In response to just how popular last week’s post ‘Marketing Your Firm’ (https://lntvinsight.wordpress.com/2015/11/20/marketing-your-firm/) proved to be, we thought we’d follow it up with another further brief extract from that same forthcoming programme ‘Marketing your Firm’ in the Practice Management & Compliance channel.  This time the extract comes from our interview with Ian Stephens, Managing Partner of Saffron Brand Consultants, who talked to us about branding (http://saffron-consultants.com/approach/ian-stephens/)

Interviewer: Talk us through how you go about creating a brand.

Ian Stephens: Well, at the heart of a brand process there are four steps, the first one is what we call discover, so that’s about market research, both understanding what your clients might want and do want. Understanding who you are, what you do, how you do it. So it’s basically the market research end of things. Second step is what we call define, so working out from all those possible things what actually is your strategy. So you define your brand strategy, what message you want to take out to the world. The third stage is design, and that doesn’t only mean visual identity, it means how do we design the service, the experience that we want our clients to have of this service? And then the last one, often the most difficult, is deploy, so how do we make that all happen in the real world as opposed to the PowerPoint presentations we’ve been working with up until now. So a four step process which can be done over weeks or months or even years, but at the heart of it you’re still following that four point process.

Interviewer: So what do you need to think about when assessing the market in which you operate and your role within it?

Ian Stephens: Well, the legal market is a very big and diverse and global market, so there are lots places to be in that market. So part of the research and the defined stage is very important to choose your territory, to choose your story. And there are three, there are three, if you like, overlapping circles, one is what do your clients need, because they’re actually going to pay for something they need, not just what you think they need, so ask them. Those things may be what you think they are, they may be something else. The second thing is what are you good at, and that’s not such a stupid question because you can’t be great at everything and there might be, for whatever reason, you’re particularly entrepreneurial or you’re particularly good at an area of law, you’re particularly good at a type of situation. And then the last one is what can other people do less well than you? And you’re not looking for something unique that nobody else can touch, but you’re looking for emphasis, so you’re trying to find things that clients genuinely do need and that you are, to some extent incredibly able to deliver, and then ideally something that not very many other people can do. Get all those three right and then you start to have a proposition as we might call it, that is quite valuable.
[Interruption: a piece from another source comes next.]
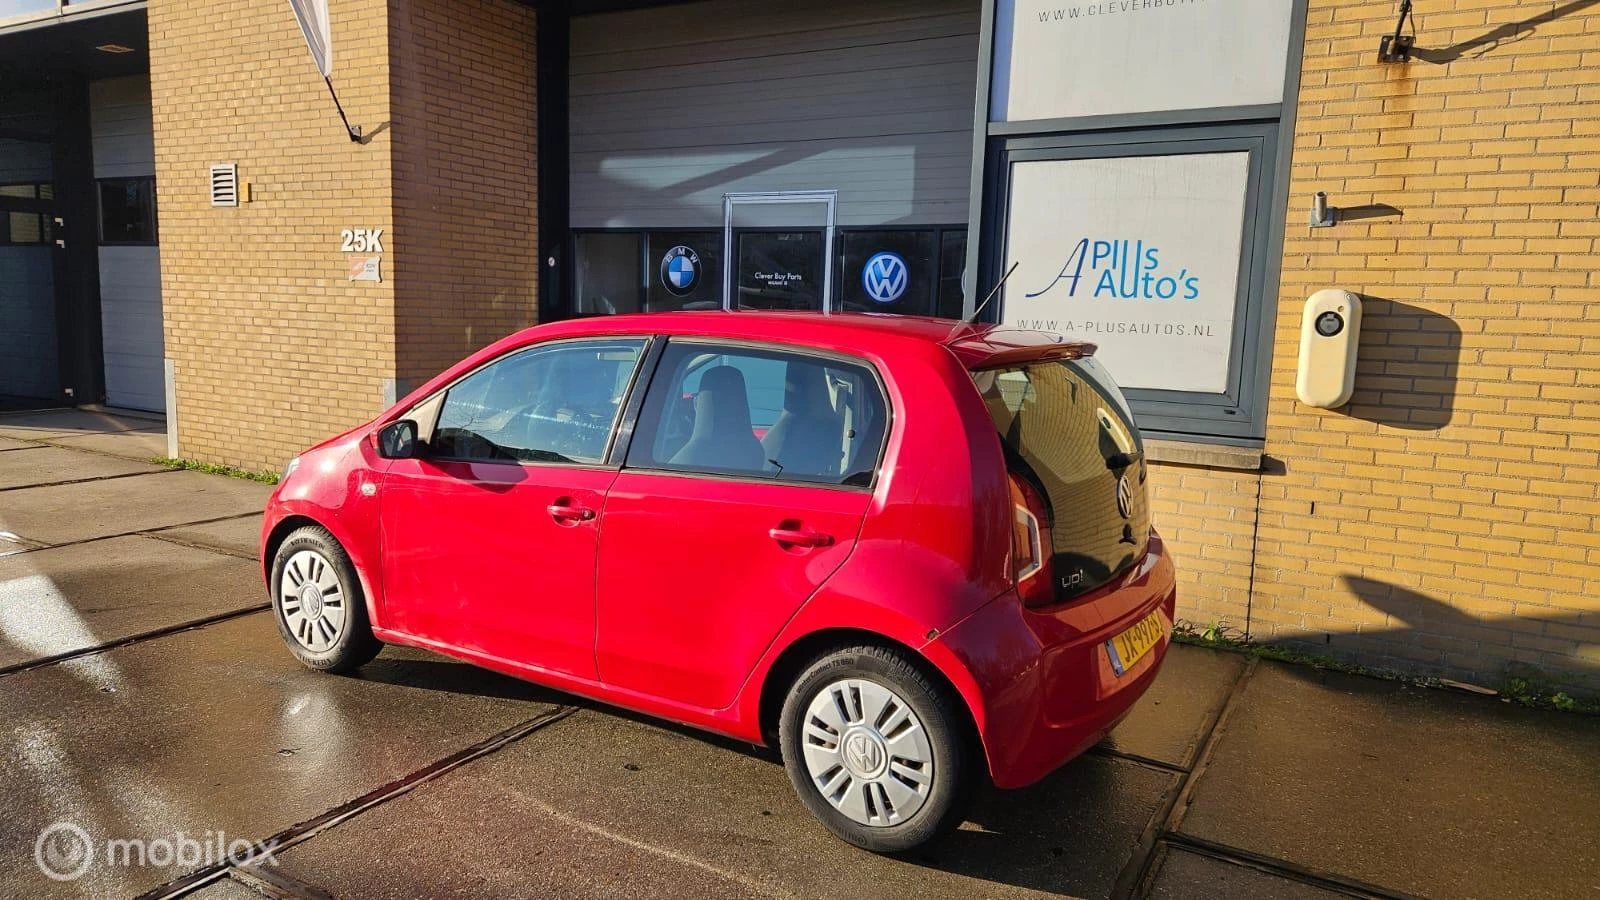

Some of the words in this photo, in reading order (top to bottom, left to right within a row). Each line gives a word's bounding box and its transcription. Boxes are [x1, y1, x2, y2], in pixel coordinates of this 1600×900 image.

Interviewer: And once you’ve settled on your brand, how do you go about managing it?

Ian Stephens: Well, this is the really tough bit because, actually, defining a story is not so complicated as actually making that real, because a law firm of even 50 people, you’ve got 50 personalities to deal with, 50 human beings to deal with, a law firm of 10,000 people, you multiple that so many times. And so the big challenge in implementing your strategy is to actually deploy it with ruthless precision across all the touchpoints of what we call the client journey, how you manage that client experience at every single touchpoint so that it’s in line with your brand values, and that where things are not in line with those brand values you have to try to take steps to correct them.